Dream #3:

The third dream was a memory: the smells of clean sheets, heated iron, grief, and damp earth—before her eyes had opened, these smells were the first thing she was aware of. She felt the metallic surface of the shackles at her wrists and ankles, the cotton sheets over the thin mattress she lay on, a cool compress on her forehead, a pair of hands smoothing her hair. Slowly, she opened her eyes, and the face of the person sitting next to her came into focus. It took her a moment to connect the face to a memory, and the memory to a name. "Bertolt? What happened? Where am I?"

His expression was dark. "You don't remember what happened, Annie?"

Annie…who's Annie? Oh, right, it's me…Annie Leonhart is my name…I have to remember that…

"I don't remember anything." It was the truth. "Where are we? Why are we here?"

"Look around you, Annie. Do you remember what this place is?"

She shot a quick glance around the room. Her wrists and ankles were cuffed in heavy iron shackles, which, in turn, were bolted by chains to the ground. She was lying on a thin mattress braced on a wooden bed frame. Bertolt was sitting on the edge of the bed. Past Bertolt, she could see the stony walls, close on all sides, confining her to the cell. The door was made of iron bars. A narrow shaft of light perspired through the bars from the torchlit corridor outside.

"The Cave," she said at last, "We're in the Cave."

The Cave was the secret prison for experiments gone wrong. She'd been down here once before—it was where her father had given her the injection. She hated it there—the walls reeked of death, as though all of the souls that had perished here had seeped into the very foundation of the prison, leaving behind a scent that burned her eyes.

Bertolt nodded, brushing her hair out of her face. "I told them you wouldn't be dangerous anymore after you woke up…but it wasn't up to me that you got locked in here." He sighed. "Then again, this time…nobody could know."

Annie didn't even need to ask what had happened. She had tried, again, to control her Titan form, and failed. "How bad was it, this time?"

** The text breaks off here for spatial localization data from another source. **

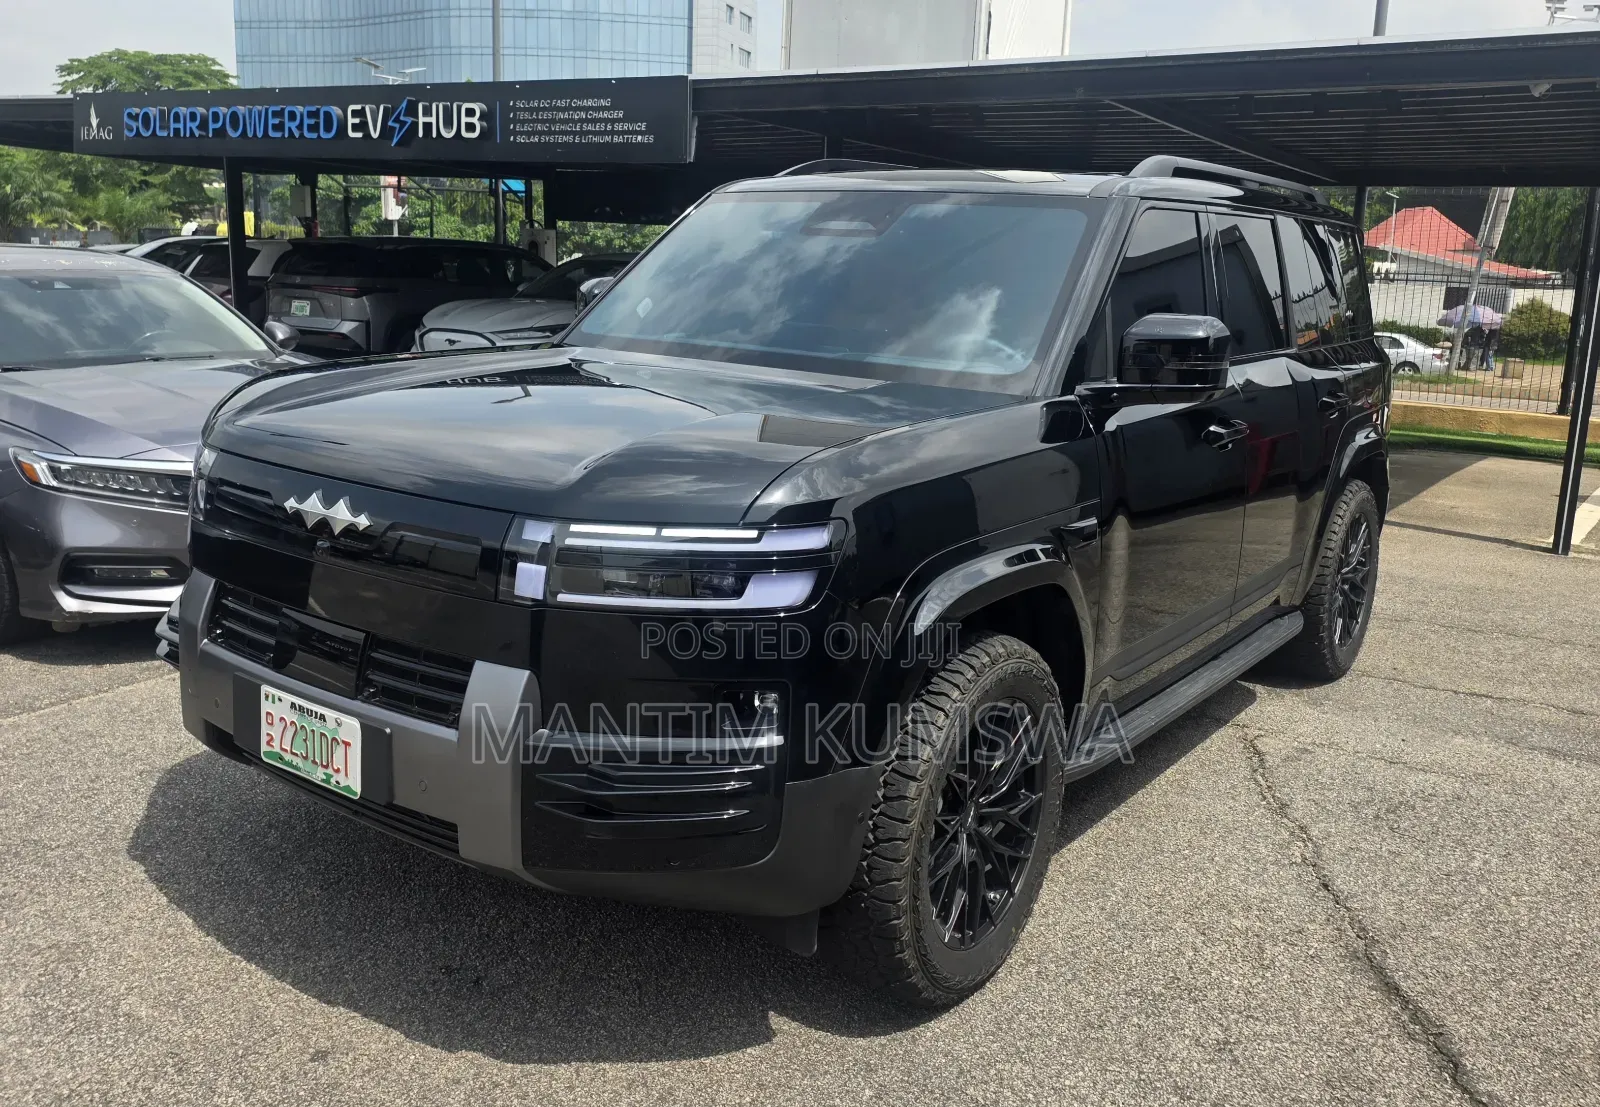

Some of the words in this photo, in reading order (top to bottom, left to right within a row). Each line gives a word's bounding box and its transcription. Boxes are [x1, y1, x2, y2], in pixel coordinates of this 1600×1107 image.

[515, 99, 539, 108] SOLAR
[540, 99, 551, 107] DC
[551, 99, 570, 107] FAST
[571, 98, 612, 107] CHARGING
[123, 105, 201, 138] SOLAR
[208, 105, 339, 139] POWERED
[347, 103, 387, 139] EV
[418, 102, 482, 139] HUB
[516, 111, 537, 119] TESLA
[538, 110, 587, 120] DESTINATION
[587, 110, 624, 119] CHARGER
[80, 125, 113, 141] JEMAG
[515, 123, 550, 131] ELECTRIC
[550, 123, 582, 131] VEHICLE
[582, 122, 606, 131] SALES
[606, 122, 613, 131] &
[613, 122, 647, 131] SERVICE
[515, 135, 540, 143] SOLAR
[540, 135, 574, 143] SYSTEMS
[574, 135, 581, 143] &
[581, 134, 612, 143] LITHIUM
[612, 134, 655, 143] BATTERIES
[289, 700, 328, 723] ABUJA
[278, 716, 352, 779] 2231DCT

Bertolt examined a crack on the wall, silently, for a moment. Then, still not meeting her eyes, he said: "There's a reason that this time, they had to lock you up down here, and couldn't just let you stay in the woods…"

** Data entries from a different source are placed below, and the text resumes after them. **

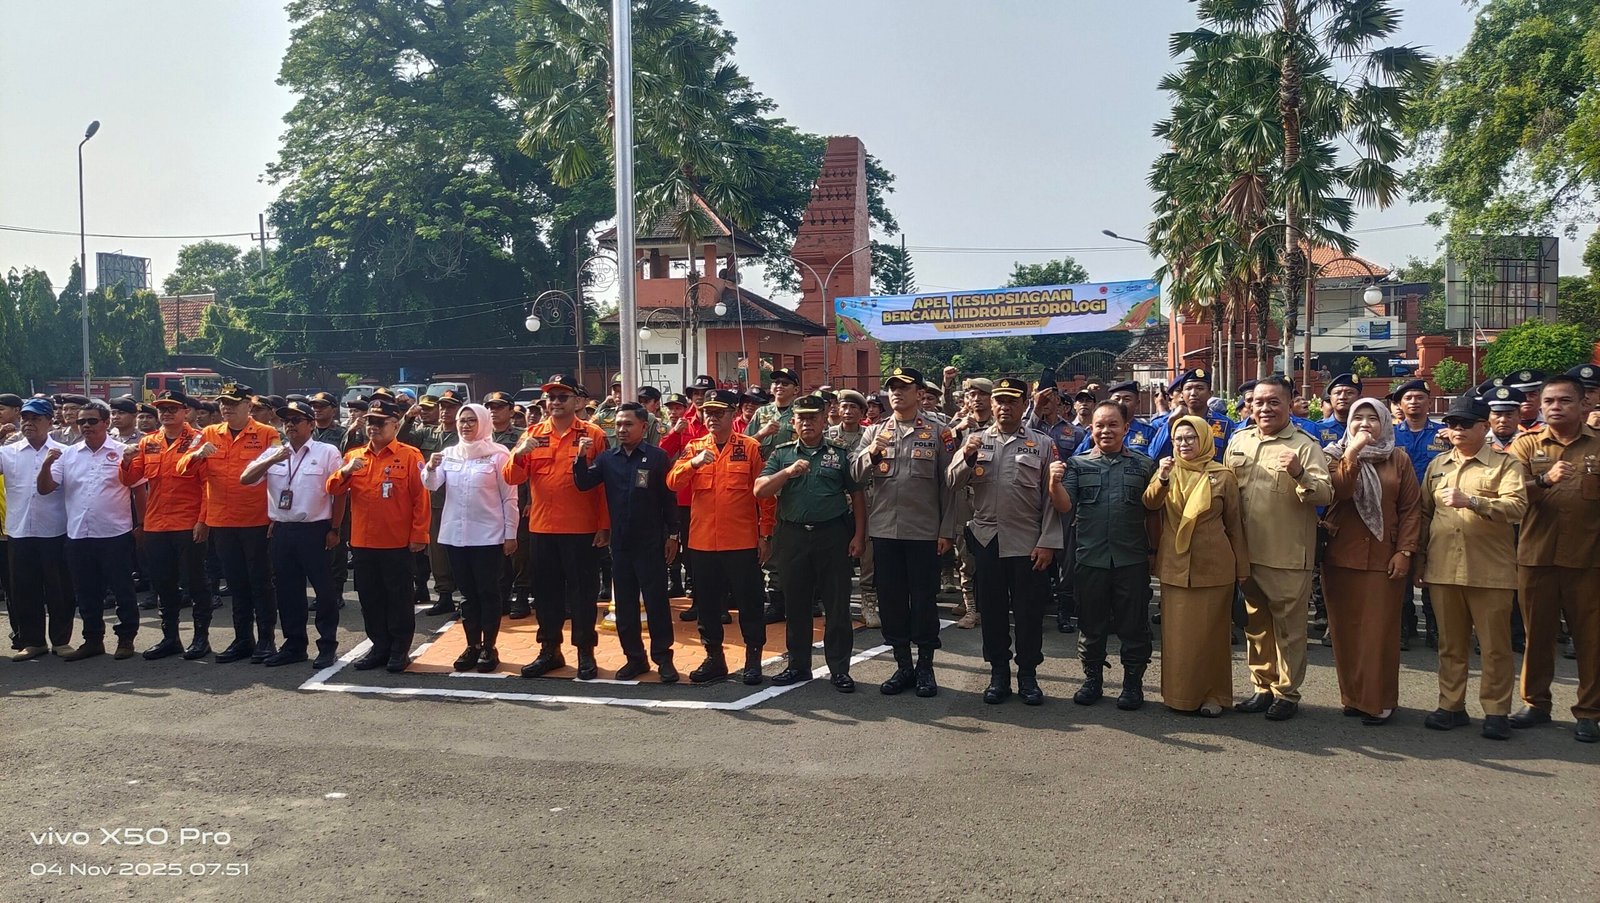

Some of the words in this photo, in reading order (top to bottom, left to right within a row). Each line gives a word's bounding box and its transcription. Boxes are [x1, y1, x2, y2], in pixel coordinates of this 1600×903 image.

[913, 296, 950, 309] APEL
[954, 289, 1072, 307] KESIAPSIAGAAN
[883, 308, 951, 323] BENCANA
[954, 300, 1106, 320] HIDROMETEOROLOGI
[1017, 447, 1040, 455] POLRI

"Why? What happened? Did someone get hurt this time?"

Bertolt was still avoiding eye contact. "Well, they tried to stop you from going back towards the village, but…it was no use, they couldn't control you…by the time Marcel and Reiner got there to restrain you, it was too late."

A growing sense of dread gnawed at her stomach. "How many people…"

"A total of five dead. A couple more injured."

"Well, it could've been worse, right?" Annie sighed, hating herself for how calm she sounded. "I mean, Reiner and Marcel must have been really fast, to stop me there—"

"Annie, do you even want to know who got killed?"

"You know—"

"These are the people who were eaten before Reiner took you down…I have to tell you because you'd hear it somewhere else if I didn't…" Bertolt paused, taking a deep breath. "I know you didn't want to. It wasn't your fault. But people will blame you. I don't. But people will." He fiddled with the edge of the sheet. "Darrel Bernstook. Matthias Schrieber. Lisbeth Davier." His voice grew shaky. "Brenda Leonhart. William Leonhart. Brenda—your mother—tried to get between you and your brother, she was screaming, trying to get you to wake up and recognize her…it was no good. She died first, then William." Bertolt reached out shakily to pat Annie on the shoulder. "I'm sorry, Annie."

The last two names took a moment to sink in. "What?" Her voice was flat, emotionless. "Mom's dead? And William?"

"Annie—"

Annie screamed, yanking against the chains that bound her to the spot. When they didn't give, she pulled herself up just enough to smash her head against the wall, and again and again, screaming at the top of her lungs. The rest was a blur—running feet—a needle—a voice, her father's, cold and distant: "Another failure…she must control her emotions…if she gets too emotional, we're better off trying a different test subject…"

Another voice: "What about her?"

"If she fails again…we terminate."

Those were the last words she heard before the sedatives she'd been injected with took effect, and she was swept into darkness.

But it was all another dream, another memory. So there was no blissful numb at the end; only another dream, this one almost equally painful to the one that preceded it.